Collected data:
····················
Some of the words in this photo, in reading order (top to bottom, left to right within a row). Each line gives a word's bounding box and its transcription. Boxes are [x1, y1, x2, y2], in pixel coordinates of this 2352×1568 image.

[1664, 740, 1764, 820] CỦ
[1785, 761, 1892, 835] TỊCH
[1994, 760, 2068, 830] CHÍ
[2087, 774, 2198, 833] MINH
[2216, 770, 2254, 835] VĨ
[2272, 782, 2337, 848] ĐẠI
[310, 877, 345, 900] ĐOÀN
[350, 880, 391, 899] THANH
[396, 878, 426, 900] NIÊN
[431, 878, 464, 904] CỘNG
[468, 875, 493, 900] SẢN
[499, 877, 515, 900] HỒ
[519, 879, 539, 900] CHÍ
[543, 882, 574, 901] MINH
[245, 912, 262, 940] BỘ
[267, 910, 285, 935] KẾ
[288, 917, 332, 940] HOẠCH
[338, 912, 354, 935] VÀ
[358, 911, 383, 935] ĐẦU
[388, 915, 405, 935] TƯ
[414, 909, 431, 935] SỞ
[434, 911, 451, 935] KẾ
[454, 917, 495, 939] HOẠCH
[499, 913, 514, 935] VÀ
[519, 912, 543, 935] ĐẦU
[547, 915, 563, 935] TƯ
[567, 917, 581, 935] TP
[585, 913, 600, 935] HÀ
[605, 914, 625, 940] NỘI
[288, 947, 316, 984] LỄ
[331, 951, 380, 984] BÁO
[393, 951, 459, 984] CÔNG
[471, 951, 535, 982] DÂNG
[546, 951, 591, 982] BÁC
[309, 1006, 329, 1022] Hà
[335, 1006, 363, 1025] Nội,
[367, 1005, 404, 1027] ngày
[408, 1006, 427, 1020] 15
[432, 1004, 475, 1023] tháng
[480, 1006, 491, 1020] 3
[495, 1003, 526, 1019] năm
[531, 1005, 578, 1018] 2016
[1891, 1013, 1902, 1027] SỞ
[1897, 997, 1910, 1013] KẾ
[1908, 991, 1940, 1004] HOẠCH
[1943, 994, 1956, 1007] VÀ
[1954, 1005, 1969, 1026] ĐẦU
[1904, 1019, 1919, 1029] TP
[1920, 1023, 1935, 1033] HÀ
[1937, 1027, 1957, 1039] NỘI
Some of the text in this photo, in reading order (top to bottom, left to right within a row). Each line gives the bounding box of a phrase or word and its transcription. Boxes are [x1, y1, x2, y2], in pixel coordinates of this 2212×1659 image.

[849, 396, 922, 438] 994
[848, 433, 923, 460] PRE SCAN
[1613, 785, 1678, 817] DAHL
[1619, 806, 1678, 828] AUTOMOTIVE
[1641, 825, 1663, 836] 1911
····················
**WHAT THE TASK REQUIRES:** Repeat all entries. Match them exactly.

**ANSWER BELOW:**
Some of the words in this photo, in reading order (top to bottom, left to right within a row). Each line gives a word's bounding box and its transcription. Boxes are [x1, y1, x2, y2], in pixel coordinates of this 2352×1568 image.

[1664, 740, 1764, 820] CỦ
[1785, 761, 1892, 835] TỊCH
[1994, 760, 2068, 830] CHÍ
[2087, 774, 2198, 833] MINH
[2216, 770, 2254, 835] VĨ
[2272, 782, 2337, 848] ĐẠI
[310, 877, 345, 900] ĐOÀN
[350, 880, 391, 899] THANH
[396, 878, 426, 900] NIÊN
[431, 878, 464, 904] CỘNG
[468, 875, 493, 900] SẢN
[499, 877, 515, 900] HỒ
[519, 879, 539, 900] CHÍ
[543, 882, 574, 901] MINH
[245, 912, 262, 940] BỘ
[267, 910, 285, 935] KẾ
[288, 917, 332, 940] HOẠCH
[338, 912, 354, 935] VÀ
[358, 911, 383, 935] ĐẦU
[388, 915, 405, 935] TƯ
[414, 909, 431, 935] SỞ
[434, 911, 451, 935] KẾ
[454, 917, 495, 939] HOẠCH
[499, 913, 514, 935] VÀ
[519, 912, 543, 935] ĐẦU
[547, 915, 563, 935] TƯ
[567, 917, 581, 935] TP
[585, 913, 600, 935] HÀ
[605, 914, 625, 940] NỘI
[288, 947, 316, 984] LỄ
[331, 951, 380, 984] BÁO
[393, 951, 459, 984] CÔNG
[471, 951, 535, 982] DÂNG
[546, 951, 591, 982] BÁC
[309, 1006, 329, 1022] Hà
[335, 1006, 363, 1025] Nội,
[367, 1005, 404, 1027] ngày
[408, 1006, 427, 1020] 15
[432, 1004, 475, 1023] tháng
[480, 1006, 491, 1020] 3
[495, 1003, 526, 1019] năm
[531, 1005, 578, 1018] 2016
[1891, 1013, 1902, 1027] SỞ
[1897, 997, 1910, 1013] KẾ
[1908, 991, 1940, 1004] HOẠCH
[1943, 994, 1956, 1007] VÀ
[1954, 1005, 1969, 1026] ĐẦU
[1904, 1019, 1919, 1029] TP
[1920, 1023, 1935, 1033] HÀ
[1937, 1027, 1957, 1039] NỘI
Some of the text in this photo, in reading order (top to bottom, left to right within a row). Each line gives the bounding box of a phrase or word and its transcription. Boxes are [x1, y1, x2, y2], in pixel coordinates of this 2212×1659 image.

[849, 396, 922, 438] 994
[848, 433, 923, 460] PRE SCAN
[1613, 785, 1678, 817] DAHL
[1619, 806, 1678, 828] AUTOMOTIVE
[1641, 825, 1663, 836] 1911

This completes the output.